Uncovering Family Affairs in Autoimmune Endocrine Diseases
Christopher Torrilla, Syed Sufyan Hussain, Frank Waldron-Lynch, Anne Dornhorst
Type 1 Diabetes mellitus (T1DM) is an autoimmune disease characterised by pancreatic β-cell destruction and absolute insulin deficiency. Histological and immuno-genetic evidence suggests T1DM is a T-cell mediated autoimmune process. Analysis of the genetic architecture of T1DM has identified HLA class I and II loci and over 40 non HLA loci associated with the disease. However, a substantial amount of the heritability of T1DM has not been accounted for by conventional genetic analysis.

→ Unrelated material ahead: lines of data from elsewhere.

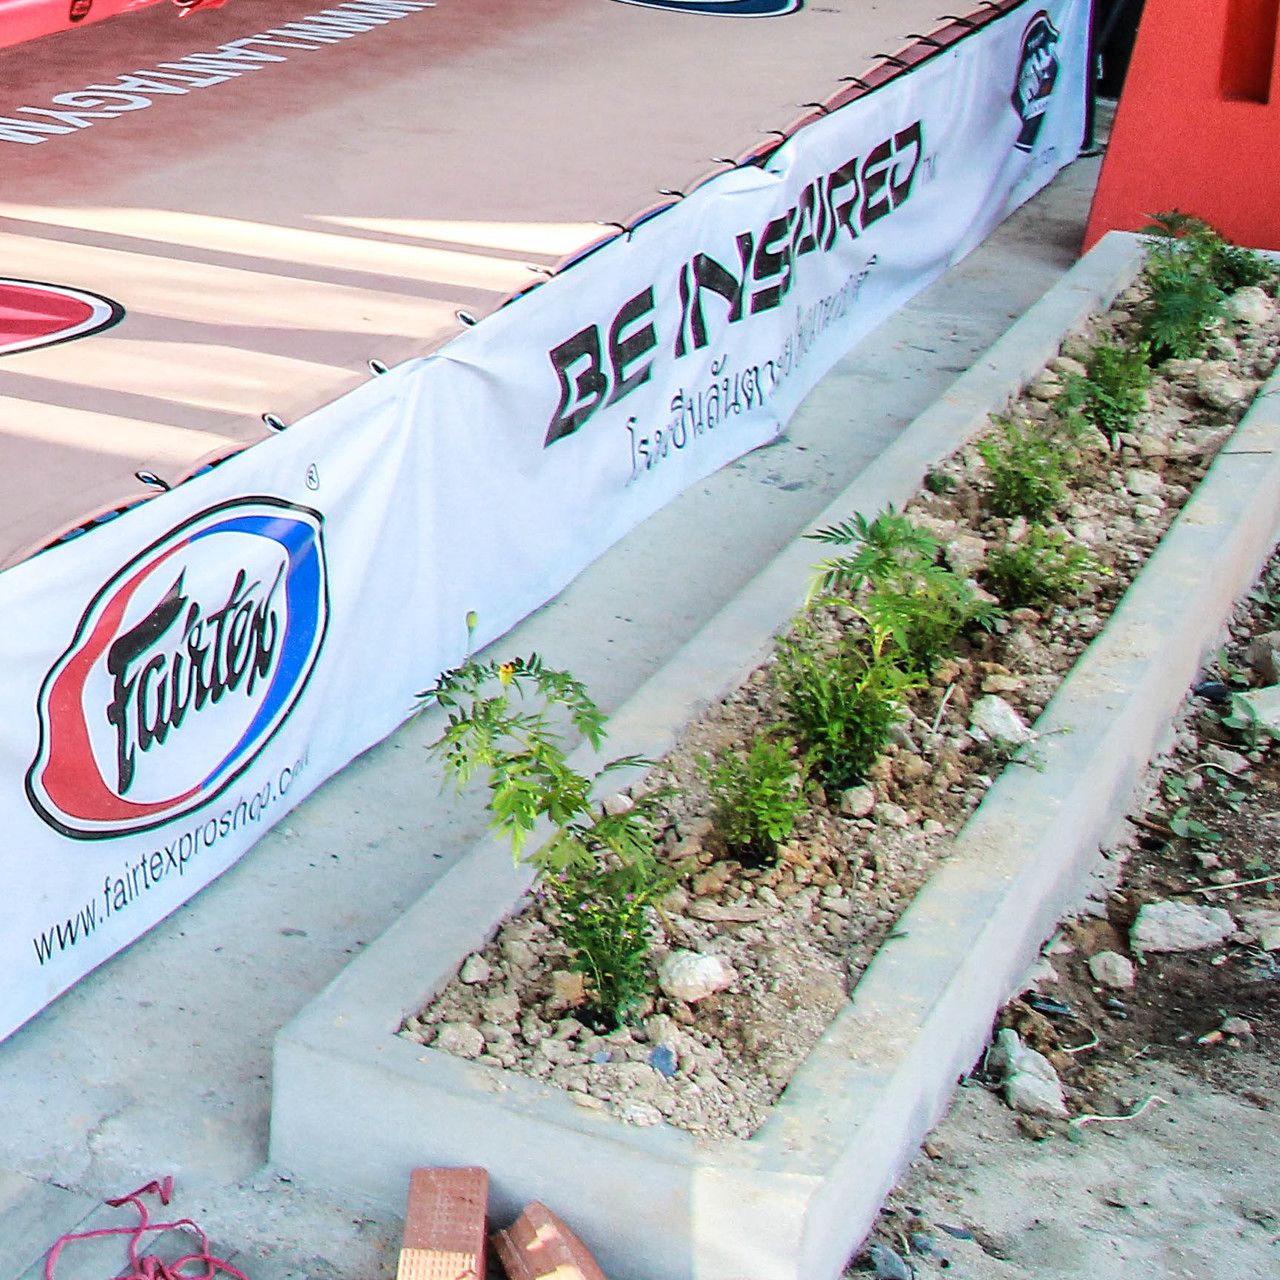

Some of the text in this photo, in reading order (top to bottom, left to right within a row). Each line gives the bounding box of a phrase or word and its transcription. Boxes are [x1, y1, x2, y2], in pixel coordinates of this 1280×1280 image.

[543, 284, 658, 450] BE
[674, 119, 923, 362] INSPIRED
[106, 558, 288, 797] Fairtex
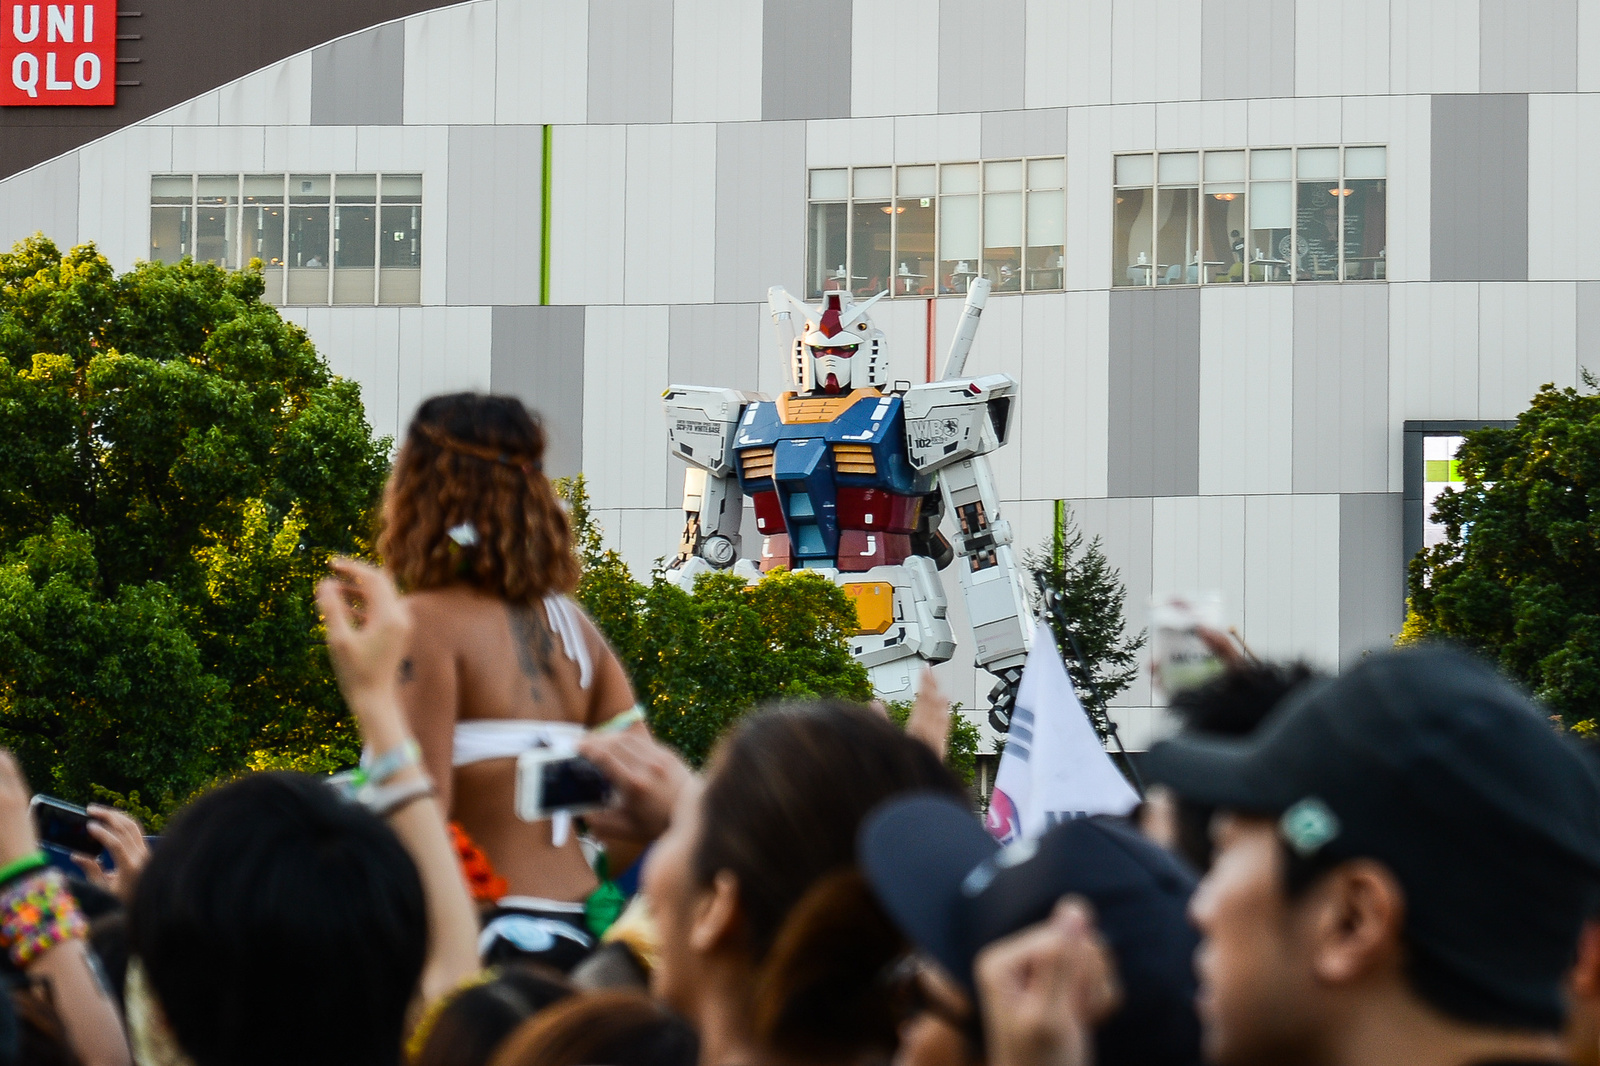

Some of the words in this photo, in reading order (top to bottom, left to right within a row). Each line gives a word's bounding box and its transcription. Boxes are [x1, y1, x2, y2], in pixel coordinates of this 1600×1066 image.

[13, 5, 94, 43] UNI
[12, 52, 101, 98] QLO
[912, 419, 944, 439] WB
[915, 438, 932, 448] 102
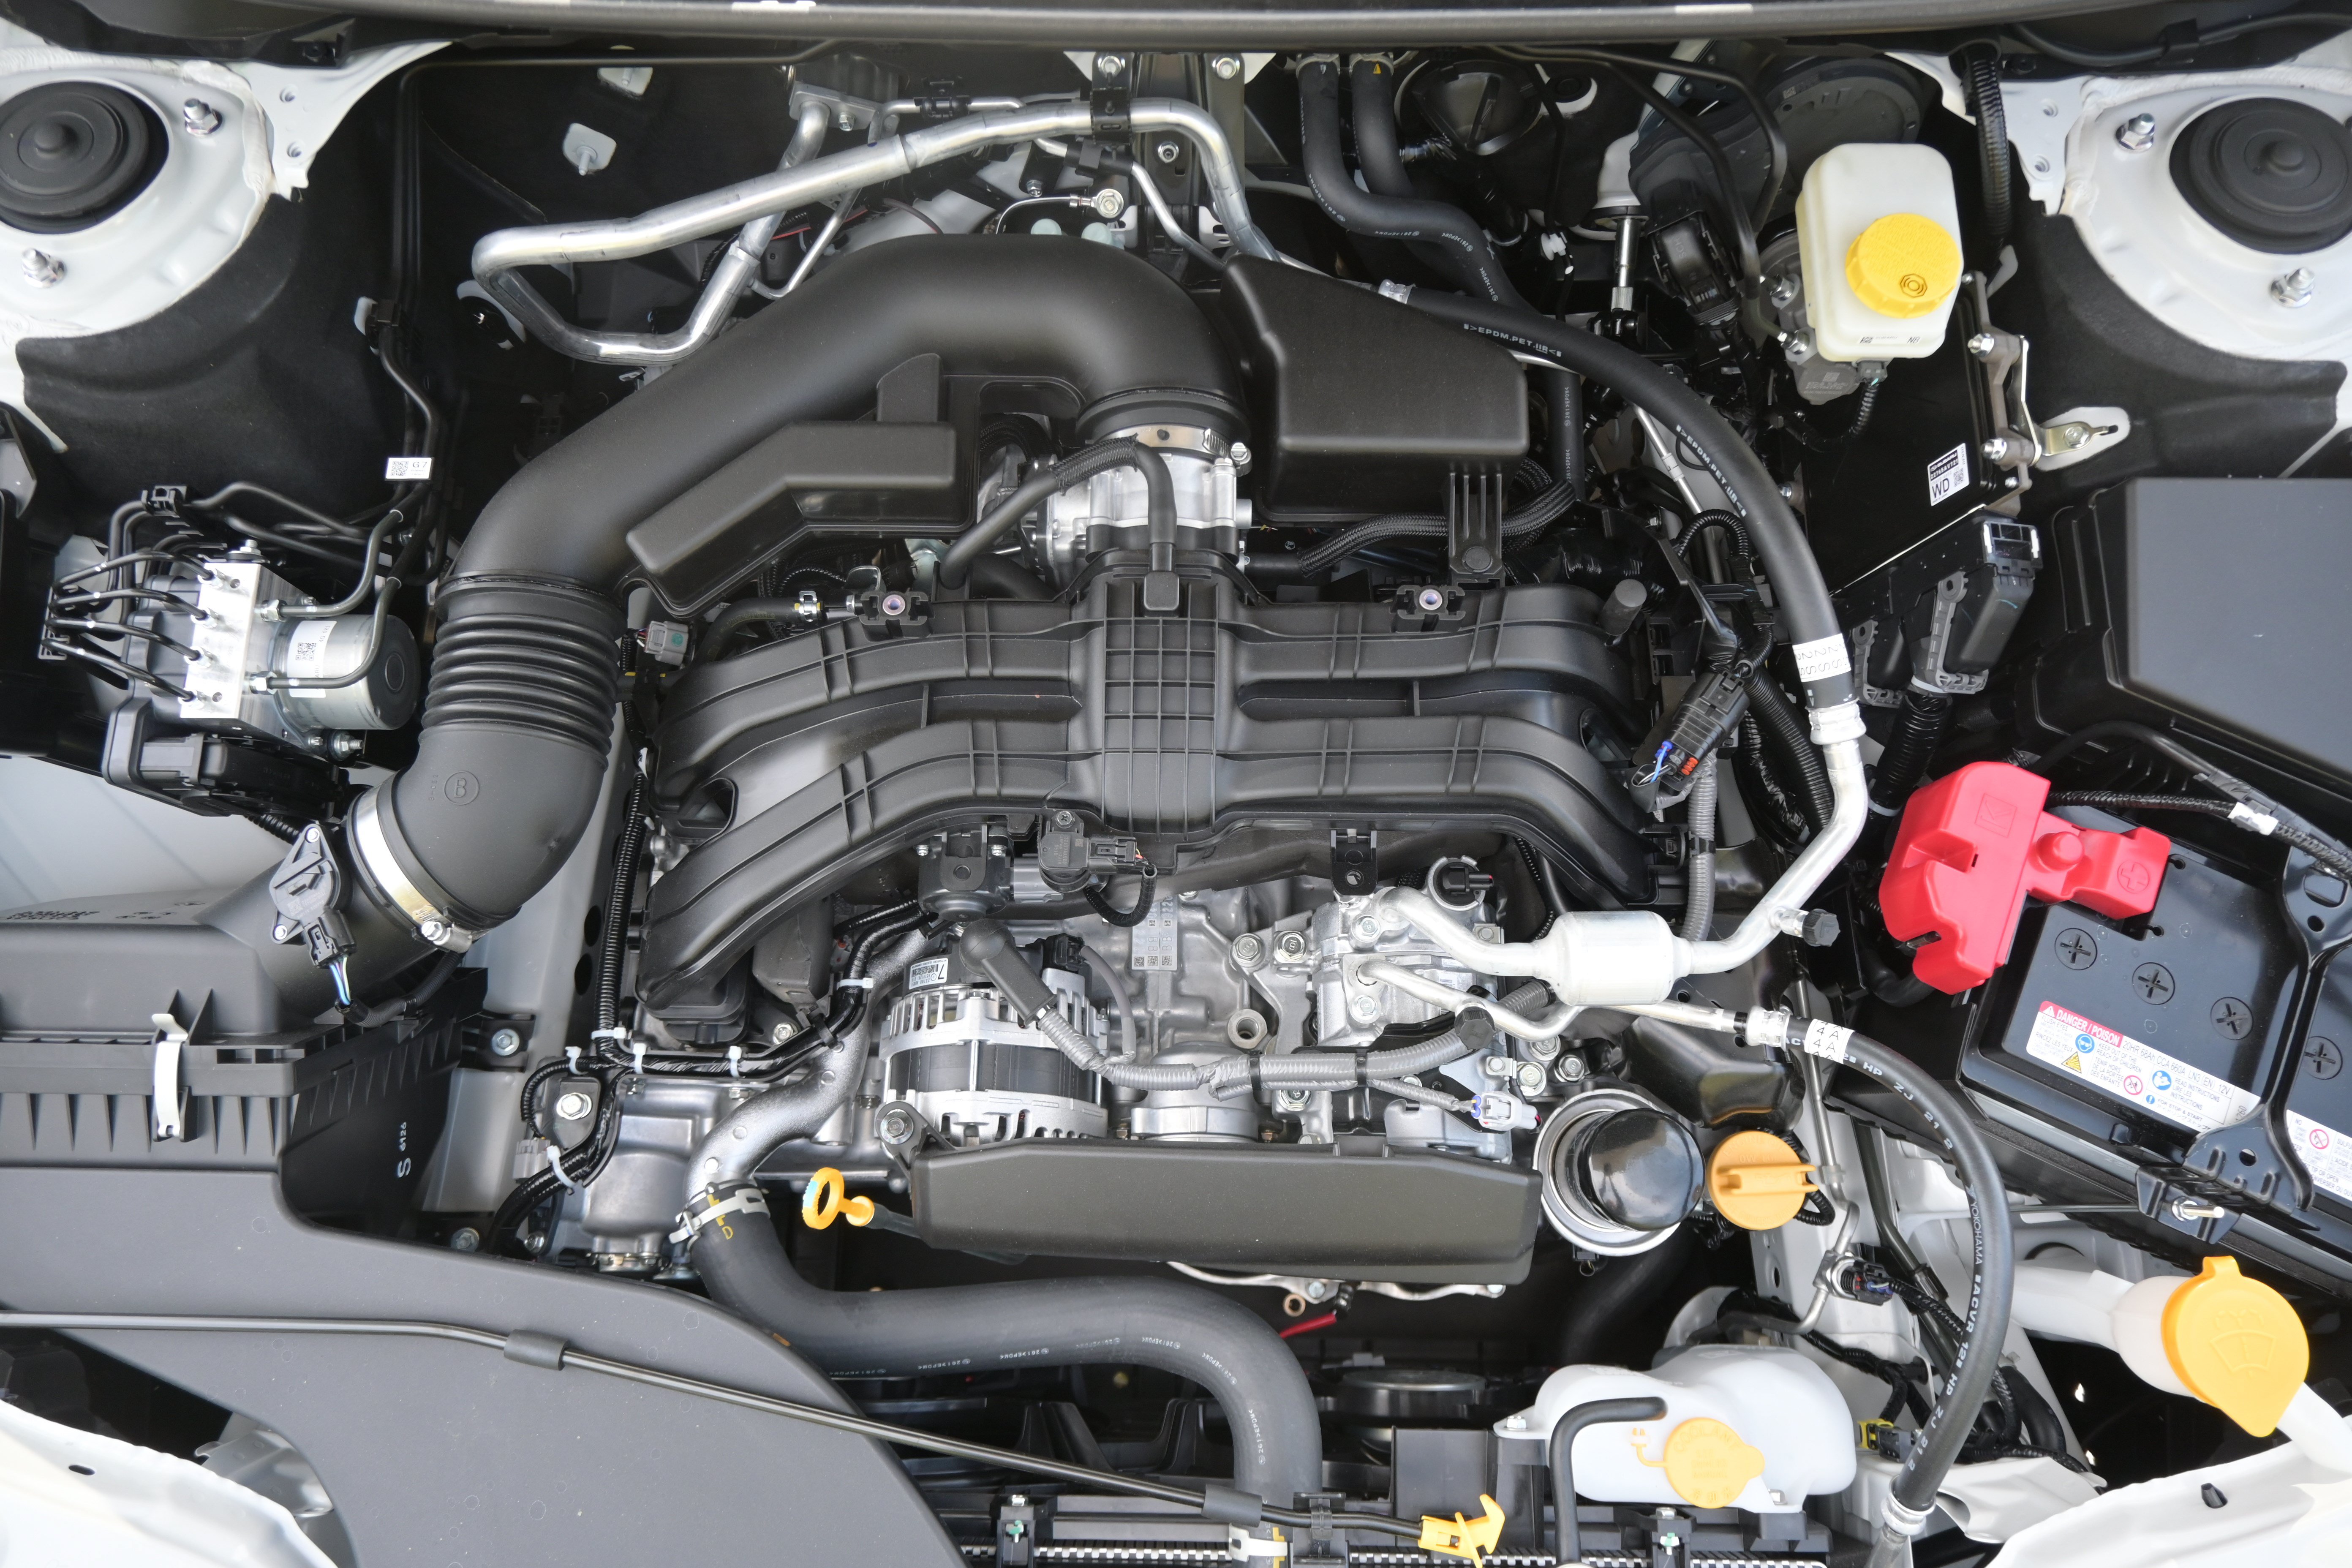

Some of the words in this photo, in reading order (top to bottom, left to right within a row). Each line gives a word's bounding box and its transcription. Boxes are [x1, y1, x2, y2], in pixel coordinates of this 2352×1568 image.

[1932, 478, 1950, 498] WD
[454, 778, 467, 798] B
[937, 964, 945, 980] 7
[2042, 1016, 2055, 1025] FLUSH
[2056, 1010, 2088, 1030] DANGER
[2091, 1026, 2121, 1045] POISON
[2036, 1032, 2051, 1042] RINCEZ
[2095, 1058, 2107, 1066] TENIR
[2109, 1064, 2121, 1072] HORS
[2097, 1050, 2111, 1059] REACH
[2120, 1060, 2142, 1072] CHILDREN
[2123, 1041, 2140, 1053] 20HR
[2140, 1049, 2156, 1061] 68Ah
[2156, 1056, 2170, 1067] CCA
[2171, 1063, 2187, 1075] 660A
[2188, 1071, 2201, 1081] LN3
[2218, 1084, 2230, 1094] 12V
[2100, 1075, 2120, 1086] ENFANTS
[1863, 1062, 1883, 1076] HP
[1924, 1111, 1940, 1129] 21
[2170, 1092, 2203, 1109] INSTRUCTIONS
[2188, 1084, 2220, 1101] INSTRUCTIONS
[2157, 1104, 2210, 1130] アイドリングストップ
[2188, 1113, 2202, 1121] START
[397, 1157, 411, 1178] S
[2311, 1175, 2336, 1189] ENVERSER
[2327, 1174, 2339, 1182] OPEN
[1971, 1201, 1983, 1265] YOKOHAMA
[1946, 1373, 1958, 1396] HP
[1674, 1424, 1741, 1453] COOLANT

By using informative families with a high prevalence of T1DM we hope to identify novel susceptibility loci associated with disease. Using combined linkage and association analysis we hope to elucidate the causal genes at these loci, proposing possible mechanisms for their involvement in T1DM.
Using the patient population under the care of Diabetologists at Charing Cross and Hammersmith Hospital, we identified patients with a significant family history of T1DM (≥1 first degree or ≥2 second degree relatives concordant for disease). Detailed clinical and family history was obtained from these patients. Saliva samples were collected for DNA extraction using Oragene-DNA self-collection kits. Ethical approval was obtained via Imperial College Tissue bank as a sub-collection for Cambridge Bioresource NRES 04/Q0108/44.
19 families were identified and detailed family histories were obtained. Families included a family with all male cases, a family with familial aggregation of T1DM and a family with clustering of several autoimmune diseases. Genotyping of the patient cohort is currently awaited. Recruitment is continuing with active participation from Charing Cross Hospital and the Diabetes and Inflammation Laboratory, Cambridge Institute for Medical Research (CIMR), Addenbrooke’s Hospital.
This preliminary investigation has identified the potential of studying families with a strong family history of T1DM. A multidisciplinary approach involving endocrinologists, immunologists and geneticists is required to further our understanding of the aetiology behind autoimmune endocrine diseases.